Speaking of Life 2032 | Believer’s Paresthesia
Michelle Fleming
Can you relate to this unpleasant experience? You have had your leg bent in an awkward position for too long and your foot goes numb. You know your foot is still there. You can see it. You may even try to wiggle your toes. But it will not respond. In fact, if you try to walk you are liable to fall. Sound familiar? When this happens, we usually say our foot has “fallen asleep.”
But it’s far more complex than that. What has actually happened is a nerve has been compressed or pinched. This prevents proper communication between the nerve and the brain. Signals are unable to travel properly from the nerves, through the spine, to the brain, and back down. As a result, there is a disconnect between what our brain is thinking and what our body is doing…or not doing.

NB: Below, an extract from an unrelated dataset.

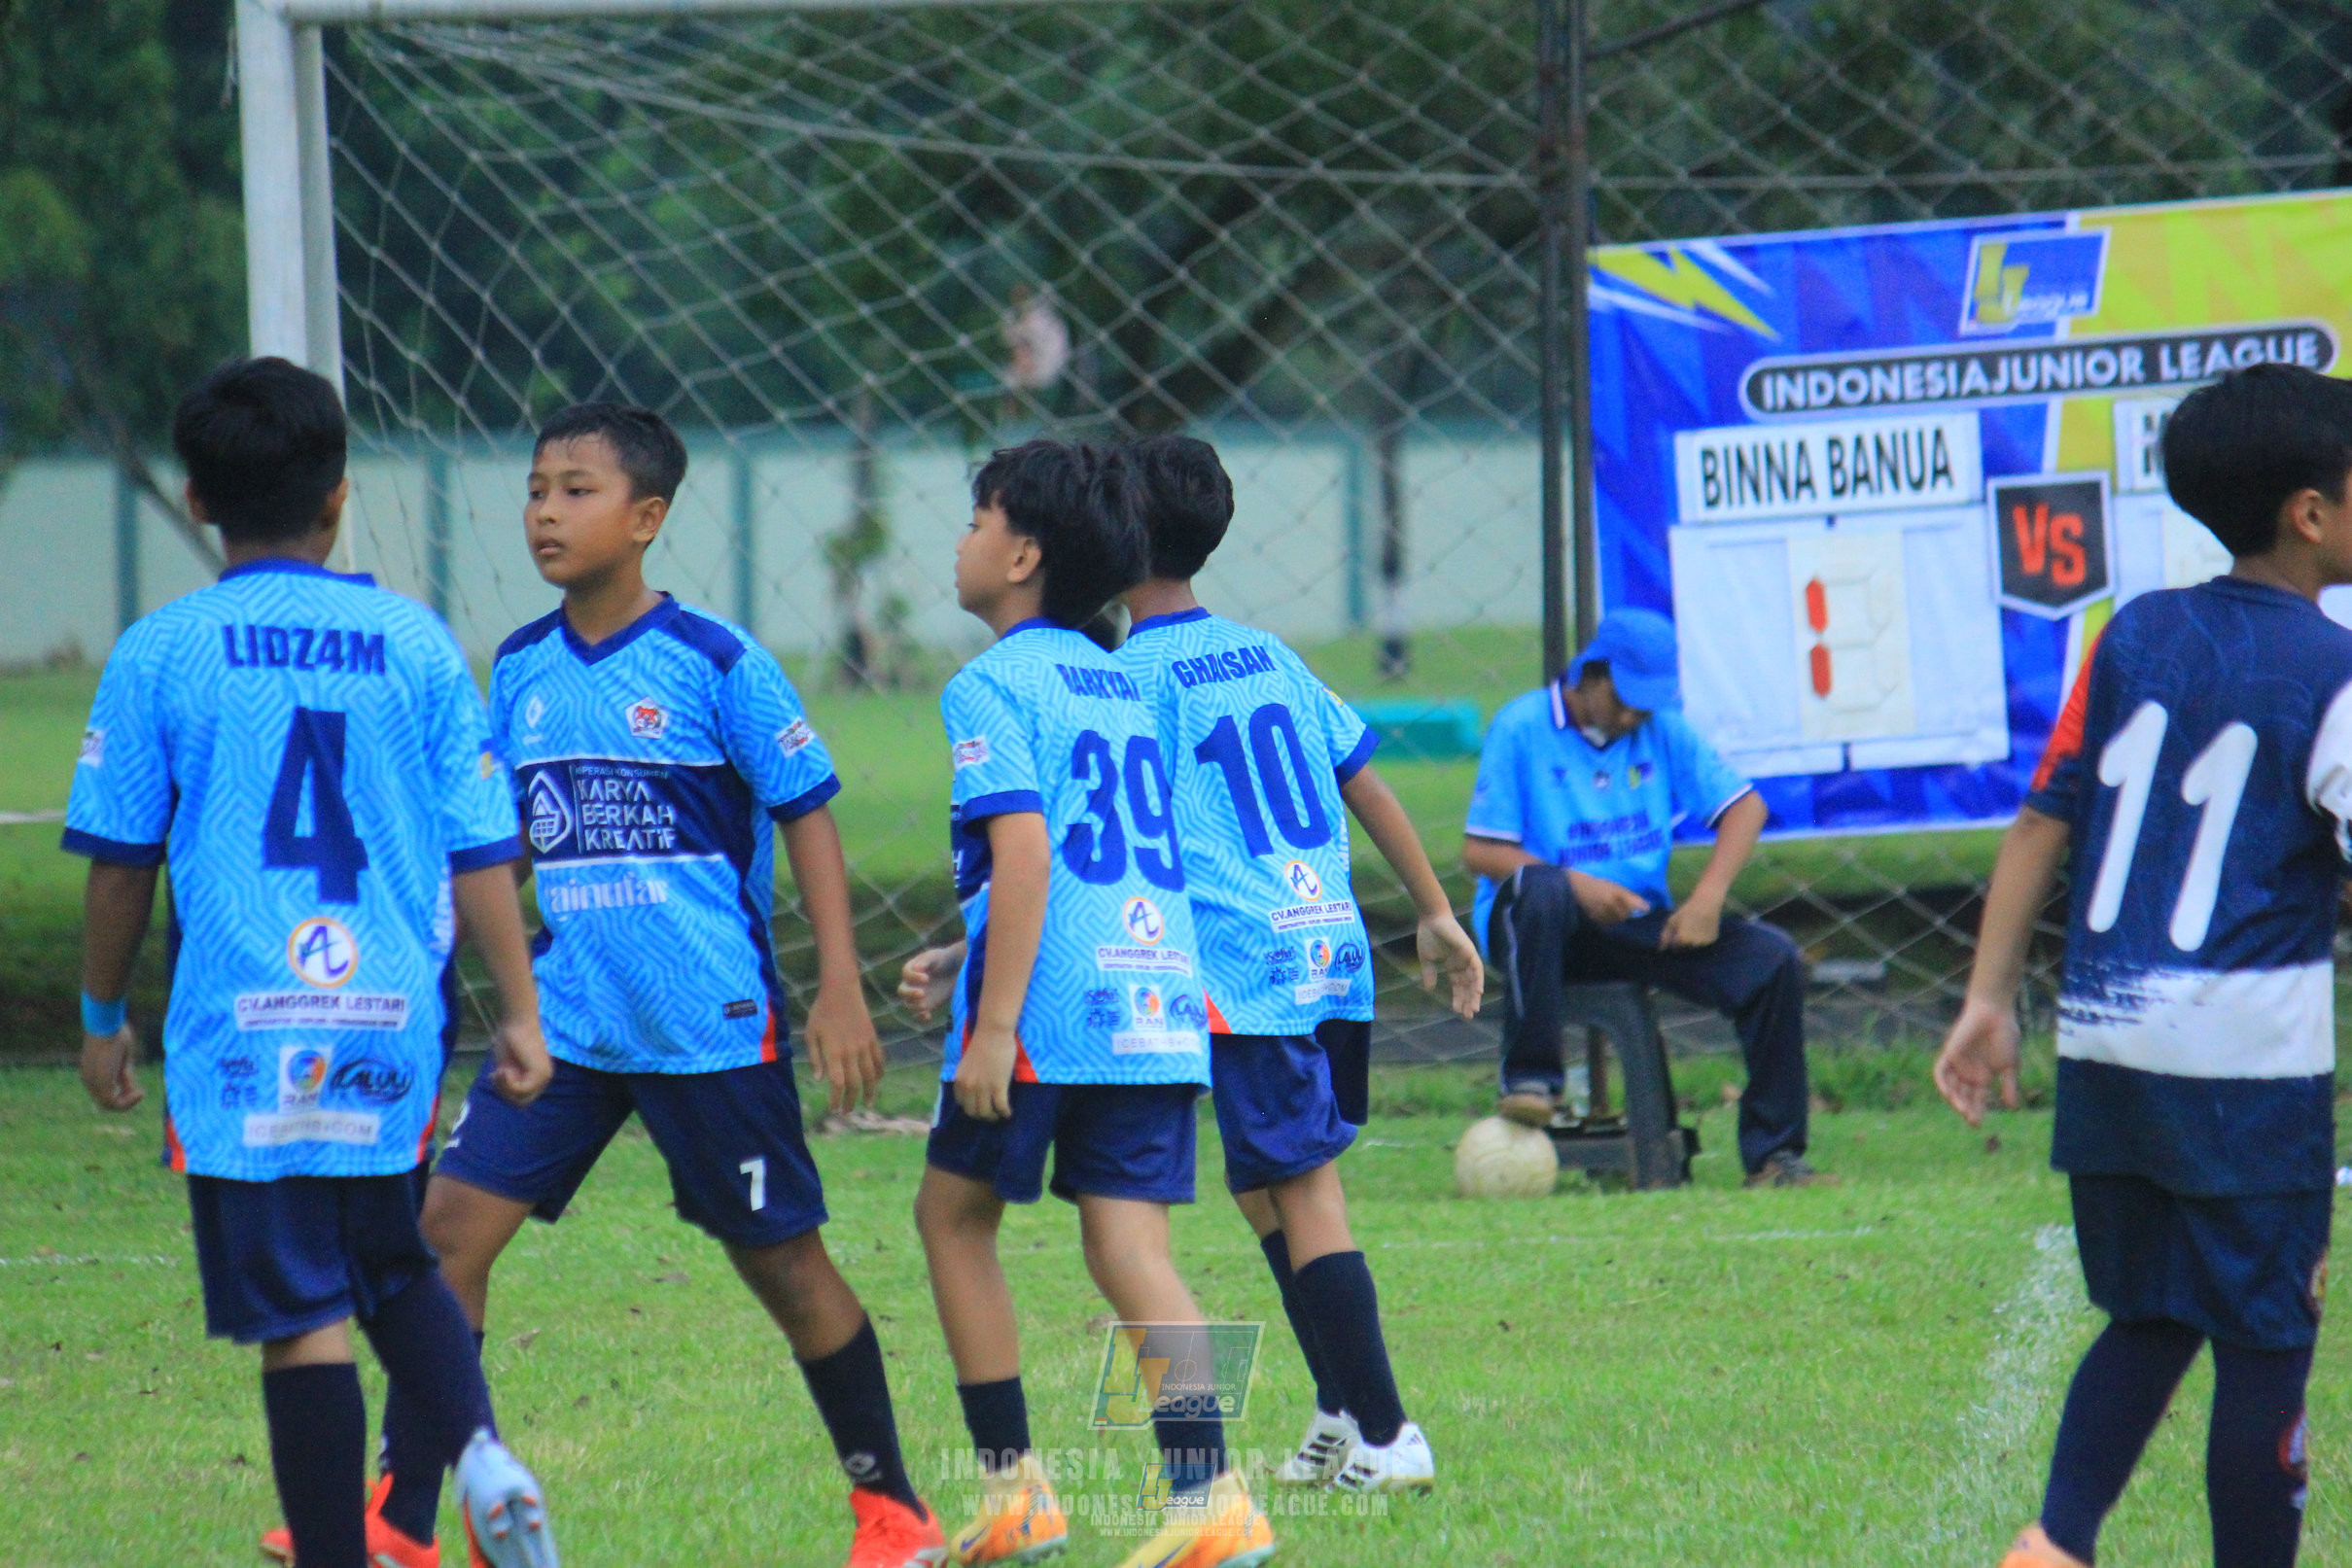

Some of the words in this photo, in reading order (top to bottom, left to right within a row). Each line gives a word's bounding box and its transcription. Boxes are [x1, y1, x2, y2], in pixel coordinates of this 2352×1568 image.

But having our foot fall asleep is not the unpleasant part. In fact, we don’t even know it has fallen asleep at first. But when we are made aware of it then things become…well, unnerving.

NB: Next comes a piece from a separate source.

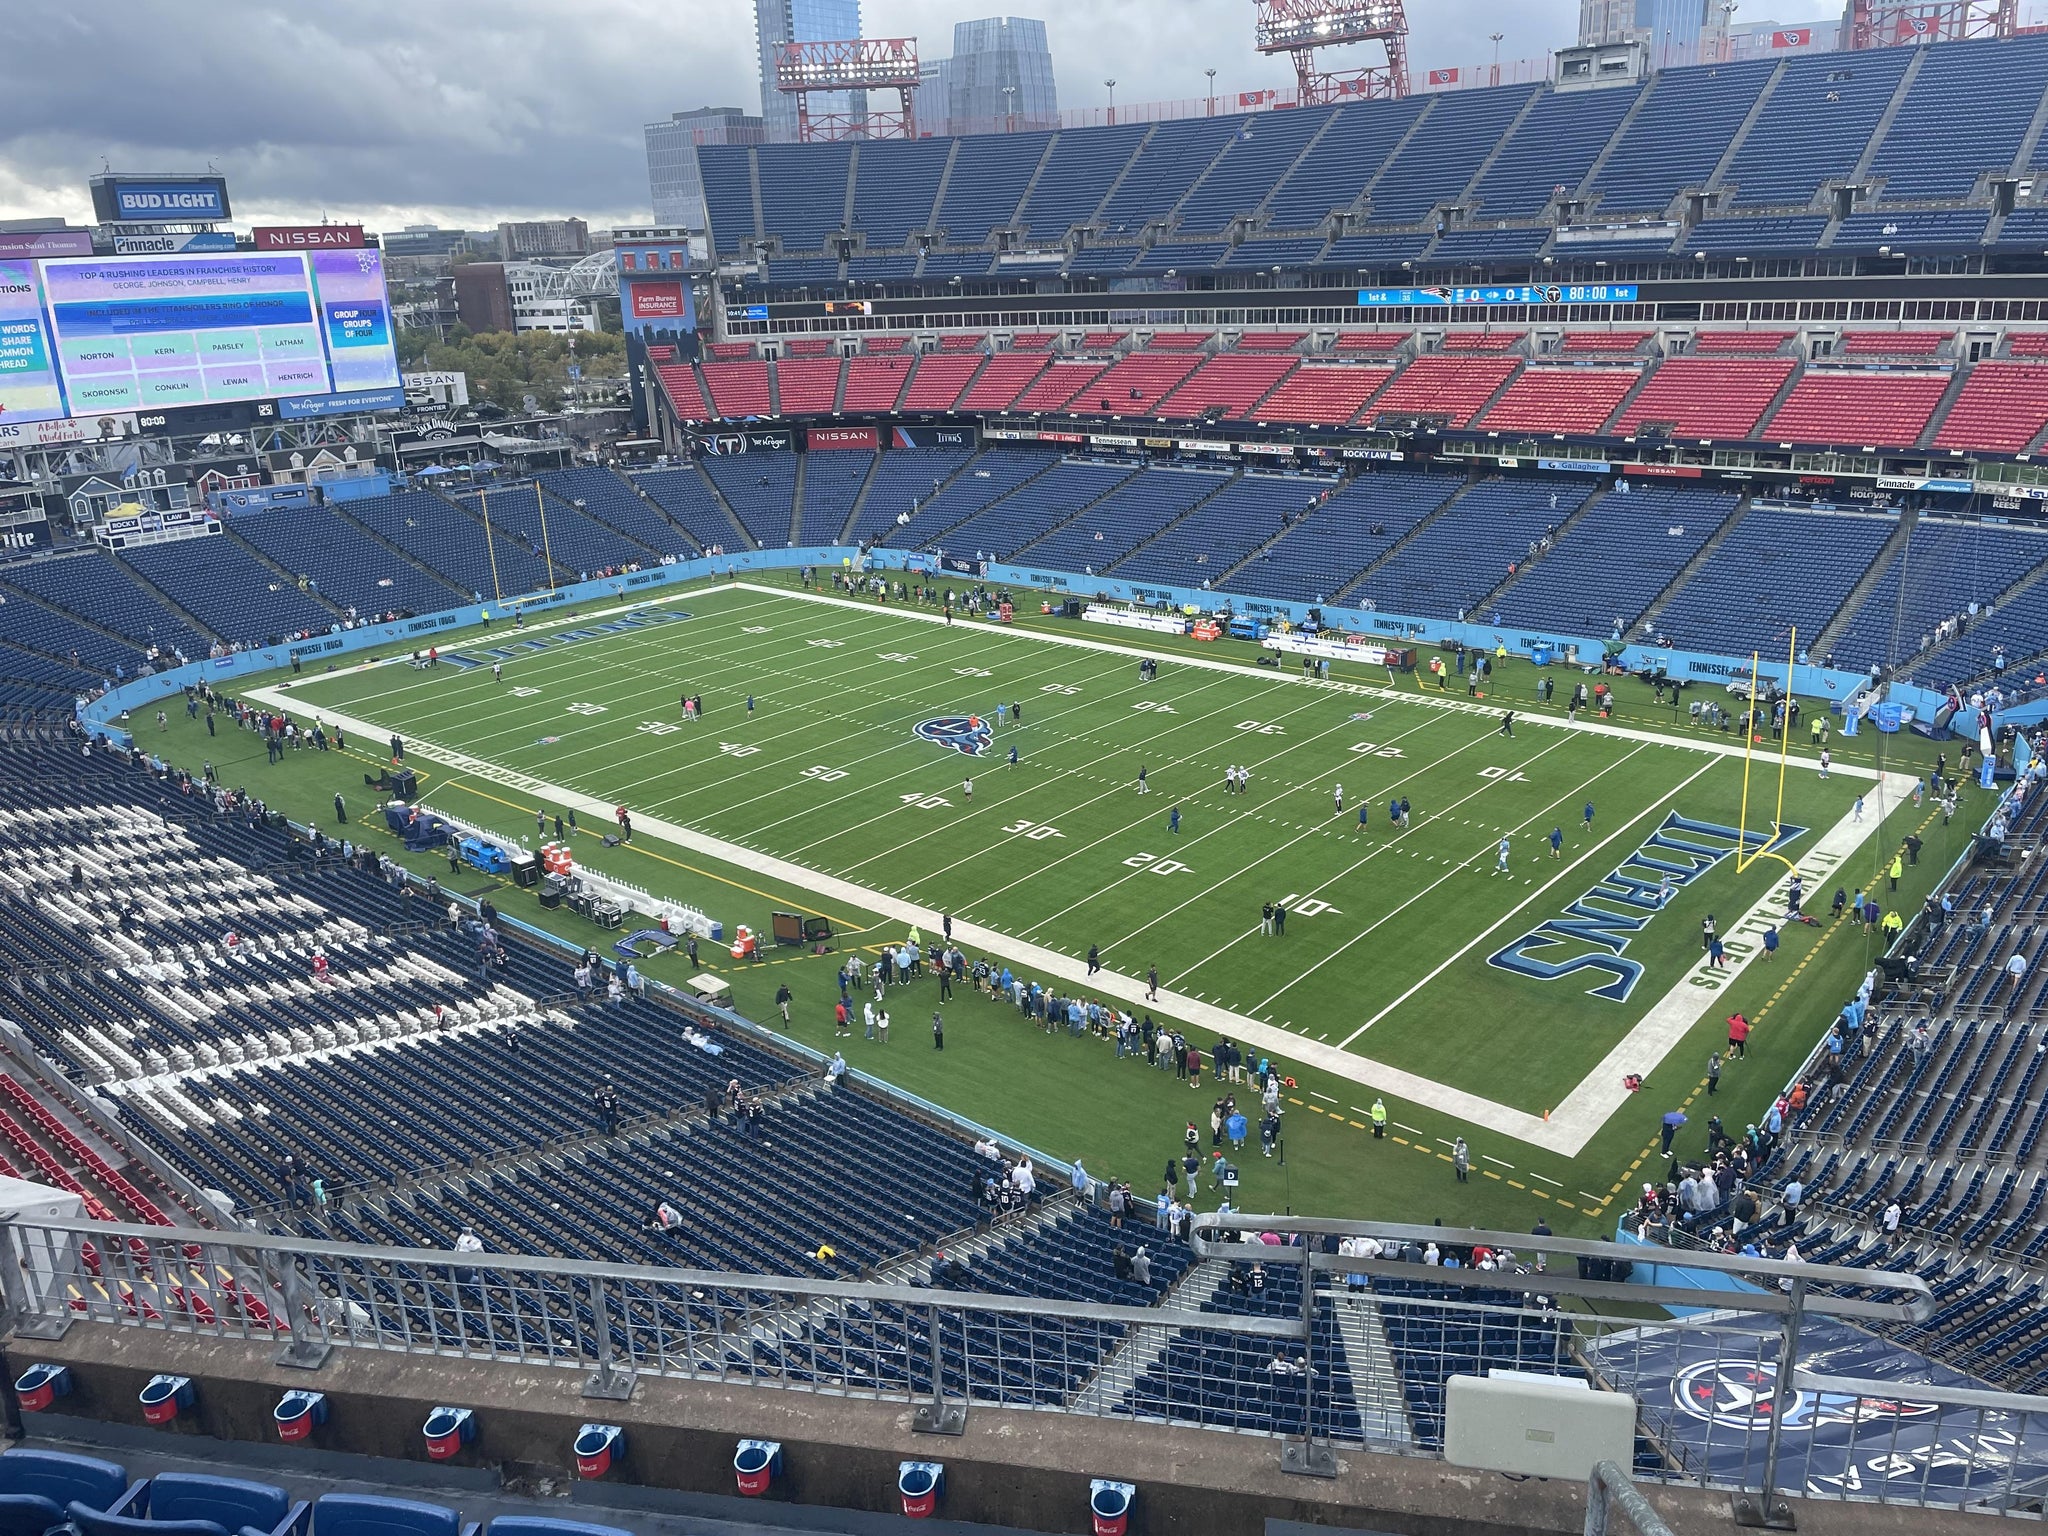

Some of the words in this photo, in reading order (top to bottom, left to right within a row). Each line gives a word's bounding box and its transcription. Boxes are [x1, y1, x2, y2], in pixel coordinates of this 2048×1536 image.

You know what I’m talking about! That tingling, stinging, ‘pins and needles’ feeling that accompanies our foot “waking up.” In medical terms, this sensation is known as paresthesia. We may not like it, but it does let us know one thing. Our nerves are reconnecting and regaining proper functioning. Soon, our foot will be fully awake.

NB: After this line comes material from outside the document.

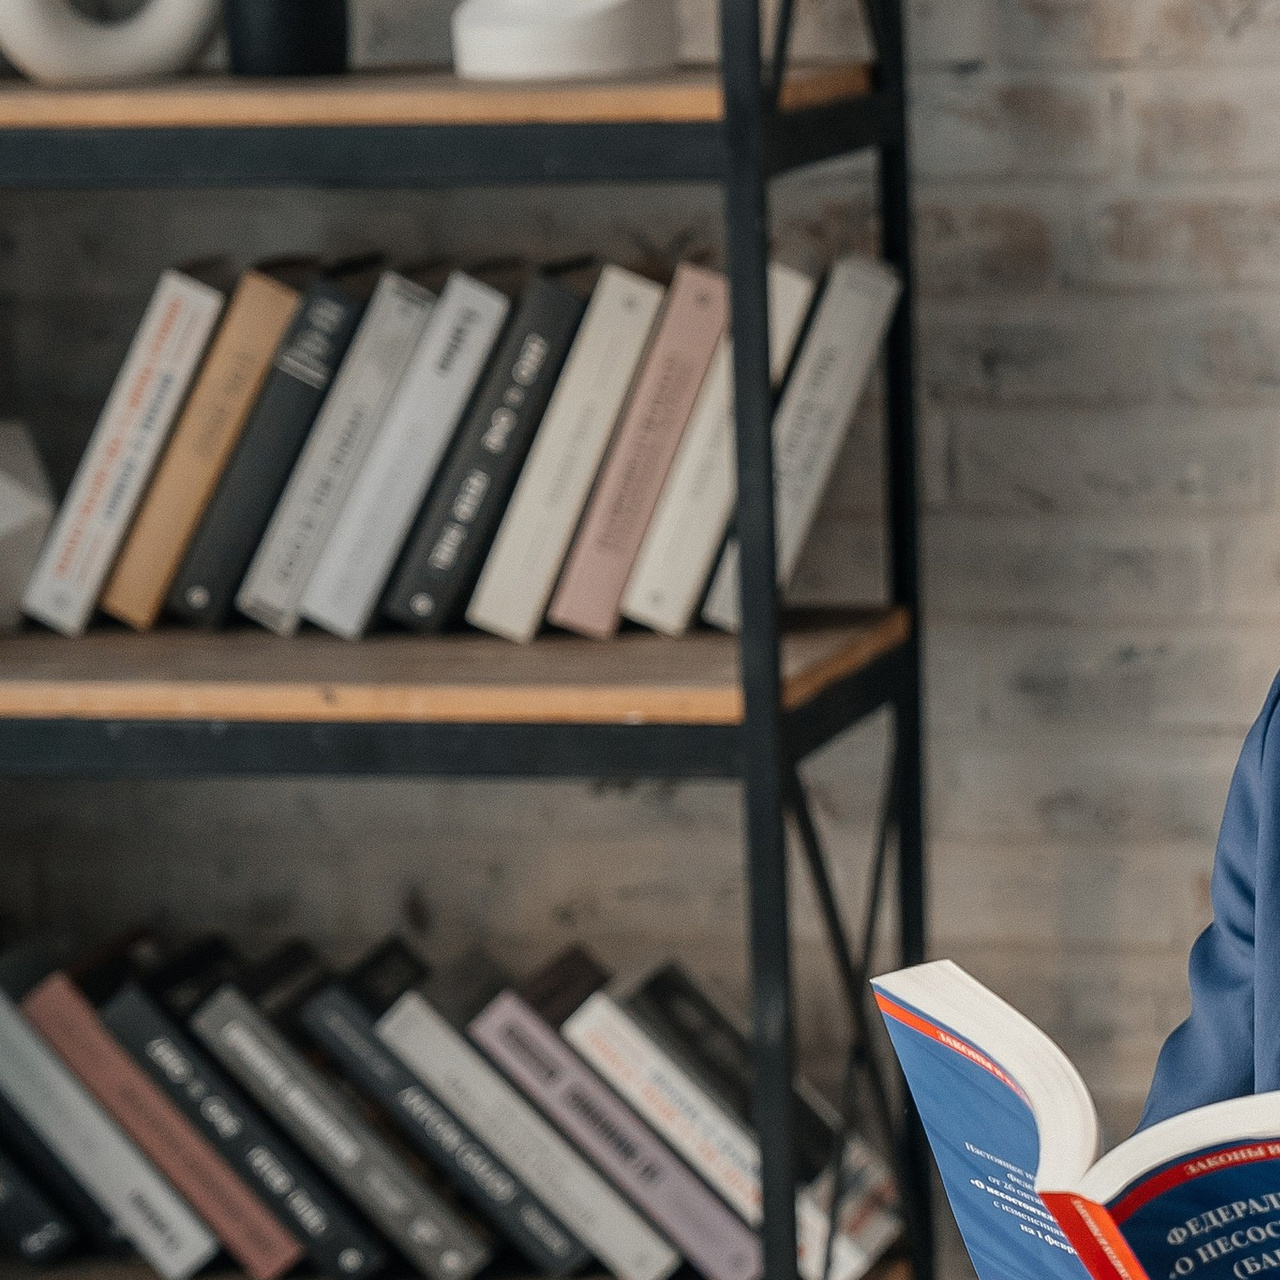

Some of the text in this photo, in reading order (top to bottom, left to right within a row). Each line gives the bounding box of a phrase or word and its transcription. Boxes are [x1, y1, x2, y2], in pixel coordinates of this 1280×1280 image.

I can’t help but think how similar this is to the experience of our Christian walk of faith. As believers, we know we have been freed from sin and we no longer want to walk in it. But then we have a disconnect from what we know and what we do. We seem to suffer from some form of believer’s paresthesia. We may not like admitting it, but our walk of faith seems to hobble along on feet still trying to wake up.
It may help to know that even the Apostle Paul struggled with believer’s paresthesia. He recorded his experience in the Book of Romans:
“I do not understand my own actions. For I do not do what I want, but I do the very thing I hate.” Romans 7:15 (NRSV)
Can you relate? We may be tempted in this experience to become discouraged. Maybe even to doubt that we are saved. Or maybe we tell ourselves to “try harder” or “get with the program” and we try to “pull ourselves up by our own bootstraps.” But this is not where Paul would direct our attention. He would have us turn our gaze from ourselves and onto the Lord.
The fact that we are uncomfortable with sin in our lives is not a sign that we are still dead in our sins. It tells us we are waking up. Like the unpleasant experience of paresthesia, we are being reconnected and made whole.
May this be a reminder to all of us that the Lord is “waking us up” and the Spirit is reconnecting us more fully to respond to the Father. And in his loving presence, soon we will be made fully awake.
I’m Michelle Fleming, Speaking of Life.